Manganese-Powered Cas12a Enables Amplification-Free RNA Detection at Femtomolar Sensitivity
Researchers discovered that manganese ions enhance Cas12a trans-cleavage activity 60-fold for RNA targets, enabling direct, amplification-free RNA detection with femtomolar sensitivity. The mechanism is conserved across multiple Cas12a orthologues and can detect ultrashort transcripts as small as 7 nucleotides. Clinical validation on serum samples showed the platform quantitatively measured circulating miR-21 and distinguished lung cancer patients from healthy controls, matching reference clinical assays.
The original study
Direct RNA Triggering of Cas12a through the Native crRNA Architecture Enables Clinical Nucleic Acids Diagnostics.
- Authors
- Zhao X, Wang Y, Wang L, Liao S, Gong T, Xiong M, et al.
- Journal
- Analytical chemistry
- PMID
- 41870471
Original abstract
CRISPR/Cas12a has emerged as a powerful platform for nucleic acid diagnostics, yet its activity is widely considered to be restricted to DNA targets, limiting its applicability for direct RNA detection.

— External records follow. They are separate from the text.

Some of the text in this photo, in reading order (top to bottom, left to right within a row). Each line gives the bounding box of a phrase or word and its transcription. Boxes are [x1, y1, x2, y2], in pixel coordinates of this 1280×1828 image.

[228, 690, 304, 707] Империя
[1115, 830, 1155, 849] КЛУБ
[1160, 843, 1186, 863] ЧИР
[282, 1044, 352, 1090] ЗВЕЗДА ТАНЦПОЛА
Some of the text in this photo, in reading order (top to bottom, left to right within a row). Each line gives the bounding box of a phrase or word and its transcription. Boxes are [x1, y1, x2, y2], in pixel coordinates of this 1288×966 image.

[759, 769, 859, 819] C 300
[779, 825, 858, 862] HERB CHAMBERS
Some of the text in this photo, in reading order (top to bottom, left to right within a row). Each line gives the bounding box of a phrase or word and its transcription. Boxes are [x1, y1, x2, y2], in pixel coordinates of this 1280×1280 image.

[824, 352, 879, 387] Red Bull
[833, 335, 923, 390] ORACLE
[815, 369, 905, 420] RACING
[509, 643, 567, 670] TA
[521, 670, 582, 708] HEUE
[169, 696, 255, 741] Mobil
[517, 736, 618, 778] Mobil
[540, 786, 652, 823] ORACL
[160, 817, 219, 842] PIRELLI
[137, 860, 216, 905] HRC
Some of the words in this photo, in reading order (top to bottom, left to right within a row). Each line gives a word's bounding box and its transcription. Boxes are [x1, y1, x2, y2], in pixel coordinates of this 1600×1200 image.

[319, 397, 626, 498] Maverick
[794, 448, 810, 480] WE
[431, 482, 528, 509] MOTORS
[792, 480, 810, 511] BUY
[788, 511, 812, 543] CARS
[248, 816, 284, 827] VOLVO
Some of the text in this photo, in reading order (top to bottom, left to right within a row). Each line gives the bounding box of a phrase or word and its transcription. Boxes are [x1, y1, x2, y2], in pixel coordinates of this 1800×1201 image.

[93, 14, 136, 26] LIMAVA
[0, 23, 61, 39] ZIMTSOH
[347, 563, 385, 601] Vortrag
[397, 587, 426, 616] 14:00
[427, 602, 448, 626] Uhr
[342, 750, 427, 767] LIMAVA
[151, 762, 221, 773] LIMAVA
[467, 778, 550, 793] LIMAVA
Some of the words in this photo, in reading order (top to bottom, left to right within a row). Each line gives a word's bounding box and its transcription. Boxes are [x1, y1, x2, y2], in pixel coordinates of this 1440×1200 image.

Here we report a manganese-ion (Mn2+)-empowered Cas12a (MEC) platform that overcomes this constraint by allowing the robust RNA-mediated activation of Cas12a. Structural analyses reveal that Mn2+ strengthens RNA engagement and reorganizes the catalytic center by coordinating RNA phosphates, resulting in an enhancement of trans-cleavage efficiency by 60-fold relative to the Mg2+ conditions, without compromising sequence specificity. This Mn2+-dependent activation mechanism is conserved across multiple Cas12a orthologues (LbCas12a, AsCas12a, FnCas12a), permitting amplification-free detection of RNA with femtomolar sensitivity across diverse targets, particularly the ultrashort abortive transcripts (7 nt). Analysis of clinical serum samples further demonstrates that MEC quantitatively measures circulating miR-21 with performance concordant with reference clinical assays and effectively distinguishes lung cancer patients from healthy individuals. These results reveal an unrecognized role for Mn2+ in Cas12a biochemistry and establish a simple, versatile, and highly sensitive framework for RNA diagnostics.